Segment Start: RECORDED INFORMATION
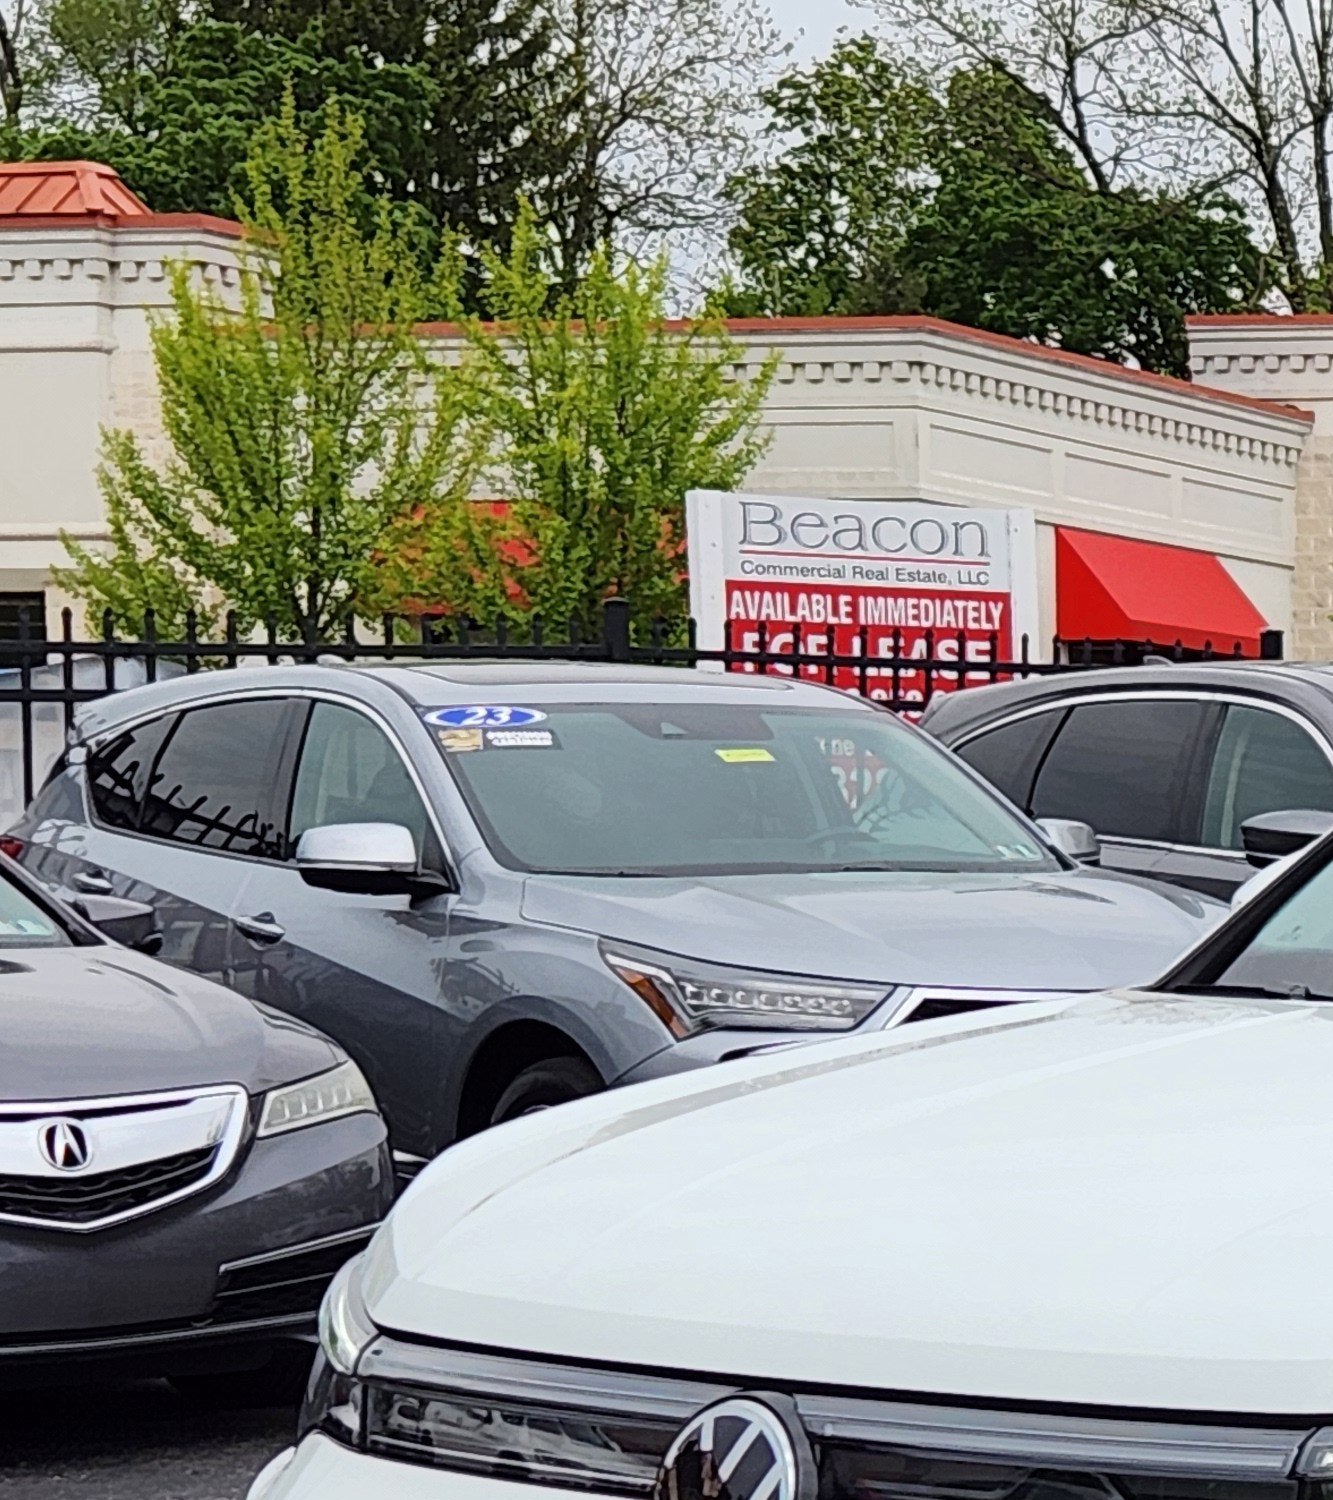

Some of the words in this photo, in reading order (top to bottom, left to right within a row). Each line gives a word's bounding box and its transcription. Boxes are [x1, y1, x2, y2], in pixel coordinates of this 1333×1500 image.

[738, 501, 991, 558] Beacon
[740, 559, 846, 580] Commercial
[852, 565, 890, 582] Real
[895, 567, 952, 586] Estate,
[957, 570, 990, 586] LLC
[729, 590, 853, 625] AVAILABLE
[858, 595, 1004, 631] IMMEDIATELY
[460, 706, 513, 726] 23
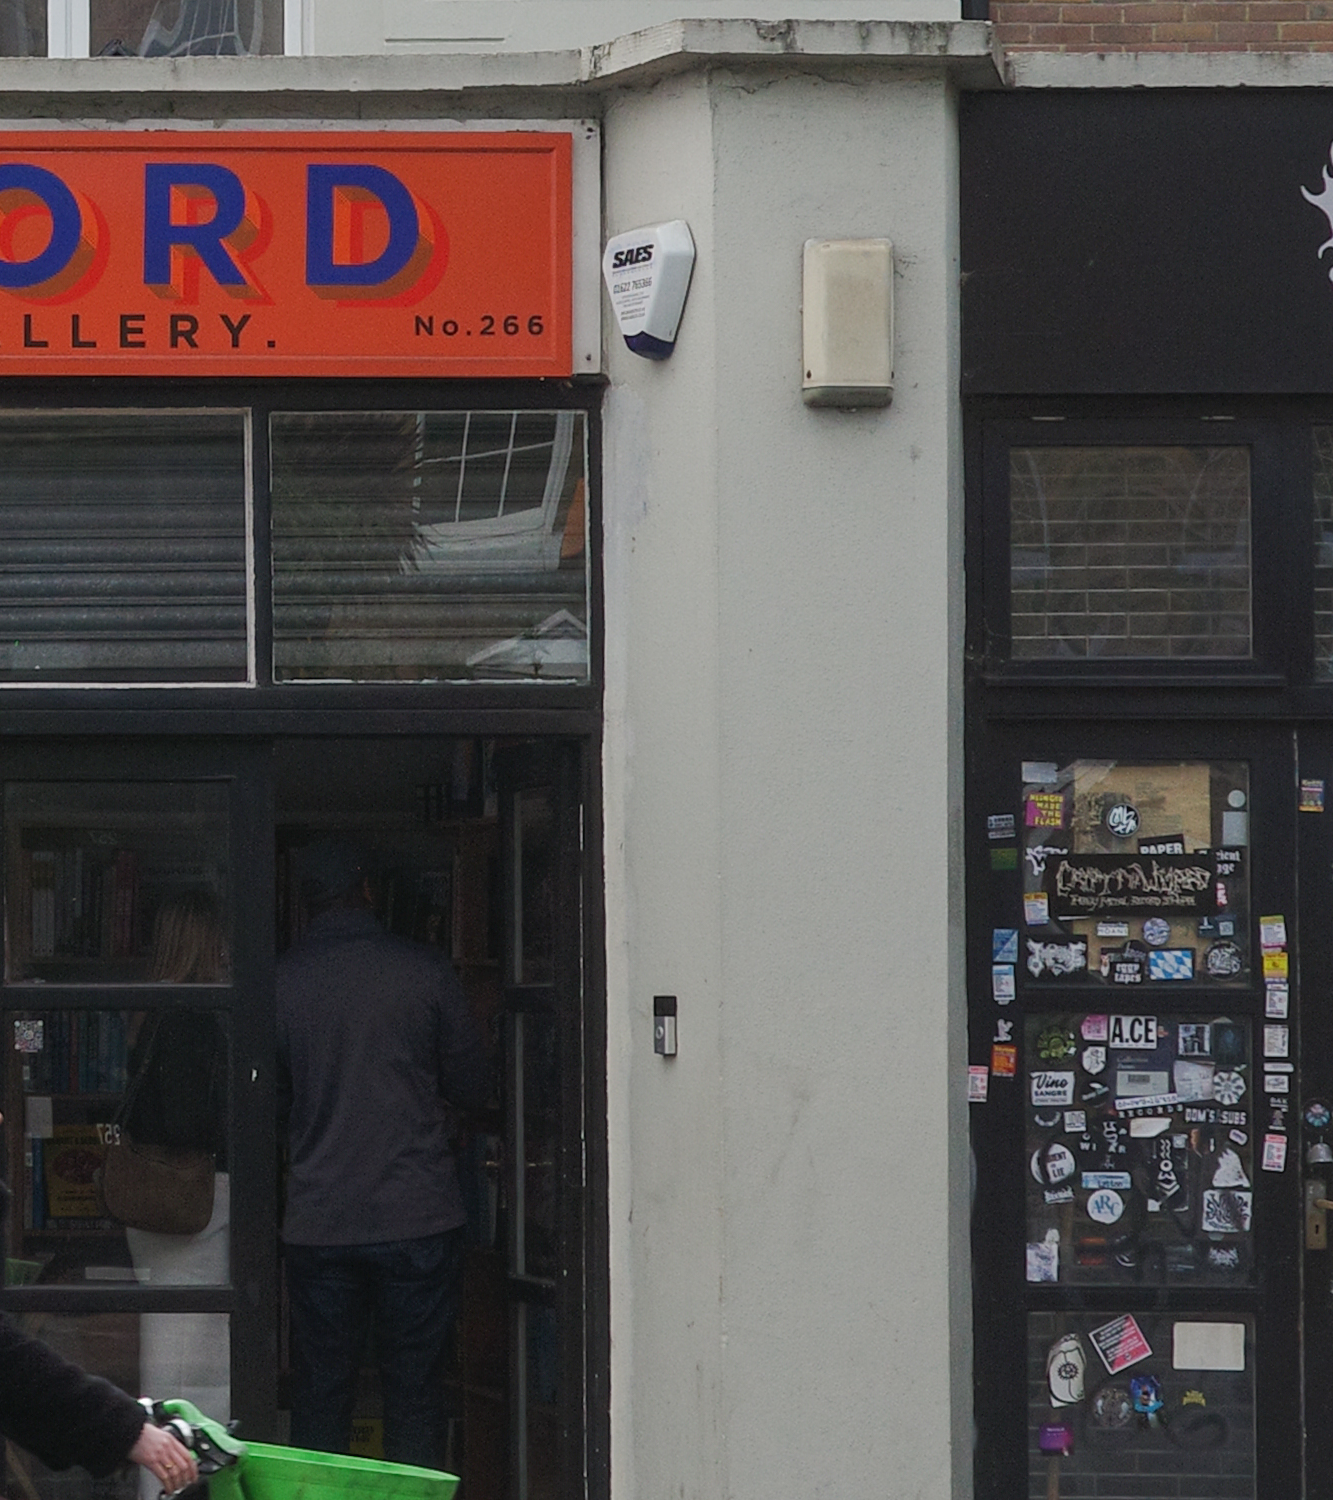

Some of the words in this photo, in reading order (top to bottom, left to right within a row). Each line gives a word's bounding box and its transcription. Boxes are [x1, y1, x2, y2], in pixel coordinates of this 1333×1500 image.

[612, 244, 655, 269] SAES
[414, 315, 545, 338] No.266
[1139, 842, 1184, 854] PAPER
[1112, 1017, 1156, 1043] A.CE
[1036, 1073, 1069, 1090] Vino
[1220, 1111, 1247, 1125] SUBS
Segment End: RECORDED INFORMATION
The answer must be the full listing above, copied exactly, with no pictures in it.

**TASK OUTPUT:**
Some of the words in this photo, in reading order (top to bottom, left to right within a row). Each line gives a word's bounding box and its transcription. Boxes are [x1, y1, x2, y2], in pixel coordinates of this 1333×1500 image.

[738, 501, 991, 558] Beacon
[740, 559, 846, 580] Commercial
[852, 565, 890, 582] Real
[895, 567, 952, 586] Estate,
[957, 570, 990, 586] LLC
[729, 590, 853, 625] AVAILABLE
[858, 595, 1004, 631] IMMEDIATELY
[460, 706, 513, 726] 23

Some of the words in this photo, in reading order (top to bottom, left to right within a row). Each line gives a word's bounding box and its transcription. Boxes are [x1, y1, x2, y2], in pixel coordinates of this 1333×1500 image.

[612, 244, 655, 269] SAES
[414, 315, 545, 338] No.266
[1139, 842, 1184, 854] PAPER
[1112, 1017, 1156, 1043] A.CE
[1036, 1073, 1069, 1090] Vino
[1220, 1111, 1247, 1125] SUBS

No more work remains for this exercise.